The main function you define is in fact wrapped by runMainIO defined in GHC.TopHandler (this is further confirmed by looking at TcRnDriver.lhs):
-- | 'runMainIO' is wrapped around 'Main.main' (or whatever main is
-- called in the program). It catches otherwise uncaught exceptions,
-- and also flushes stdout\/stderr before exiting.
runMainIO :: IO a -> IO a
runMainIO main =
do
main_thread_id <- myThreadId
weak_tid <- mkWeakThreadId main_thread_id
install_interrupt_handler $ do
m <- deRefWeak weak_tid
case m of
Nothing -> return ()
Just tid -> throwTo tid (toException UserInterrupt)
a <- main
cleanUp
return a
`catch`
topHandler
And install_interrupt_handler is defined as:
install_interrupt_handler :: IO () -> IO ()
#ifdef mingw32_HOST_OS
install_interrupt_handler handler = do
_ <- GHC.ConsoleHandler.installHandler $
Catch $ \event ->
case event of
ControlC -> handler
Break -> handler
Close -> handler
_ -> return ()
return ()
#else
#include "rts/Signals.h"
-- specialised version of System.Posix.Signals.installHandler, which
-- isn't available here.
install_interrupt_handler handler = do
let sig = CONST_SIGINT :: CInt
_ <- setHandler sig (Just (const handler, toDyn handler))
_ <- stg_sig_install sig STG_SIG_RST nullPtr
-- STG_SIG_RST: the second ^C kills us for real, just in case the
-- RTS or program is unresponsive.
return ()
On Linux, stg_sig_install is a C function that calls out to sigaction.

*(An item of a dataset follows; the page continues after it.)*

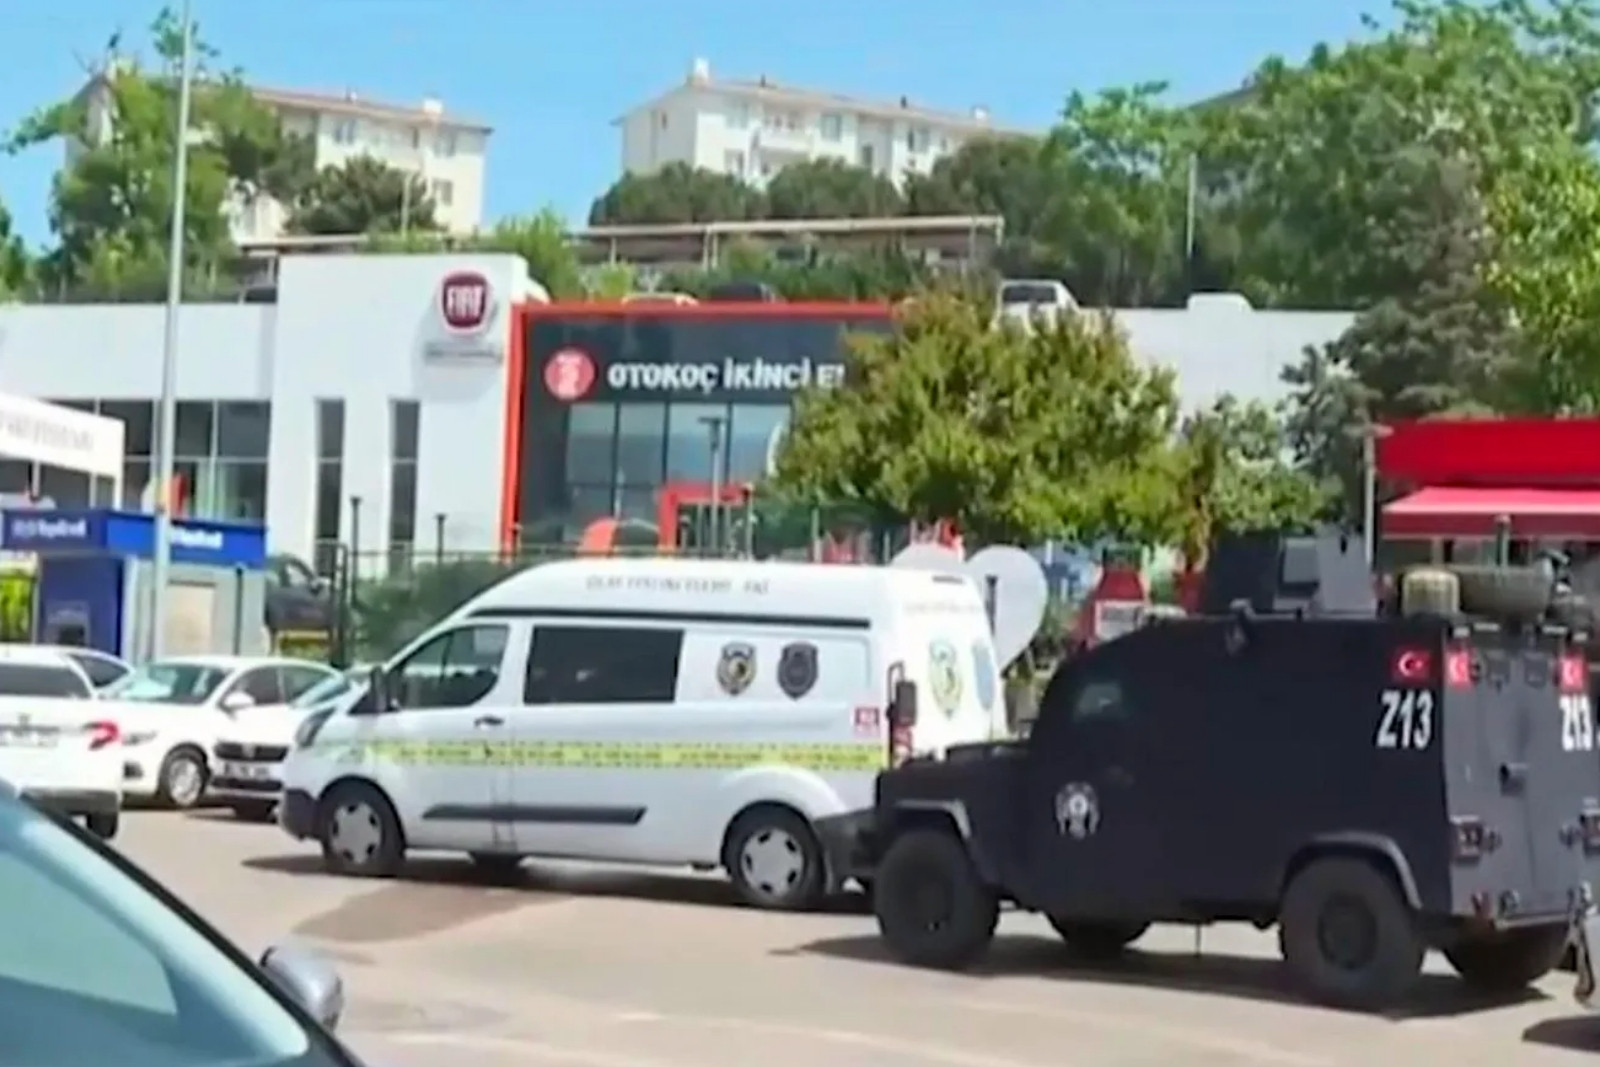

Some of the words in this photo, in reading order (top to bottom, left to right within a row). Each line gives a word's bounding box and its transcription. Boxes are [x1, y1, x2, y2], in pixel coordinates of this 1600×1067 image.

[607, 362, 719, 393] OTOKOÇ
[723, 356, 811, 388] İKİNCİ
[1376, 689, 1433, 749] Z13

The parameter STG_SIG_RST is translated to SA_RESETHAND. On Windows, things are done differently, which probably explains ja's observation.
The most reliable solution for me (at least on Linux), has been to install a signal handler using System.Posix.Signals. I was hoping for a solution that would not require this, but the real reason I posted the question was that I wanted to know why GHC behaved the way it did. As explained on #haskell, a likely explanation is that GHC behaves this way so that the user can always Control-C an application if it hangs. Still, it would be nice if GHC provided a way to affect this behavior without the somewhat lower-level method that we resorted to :).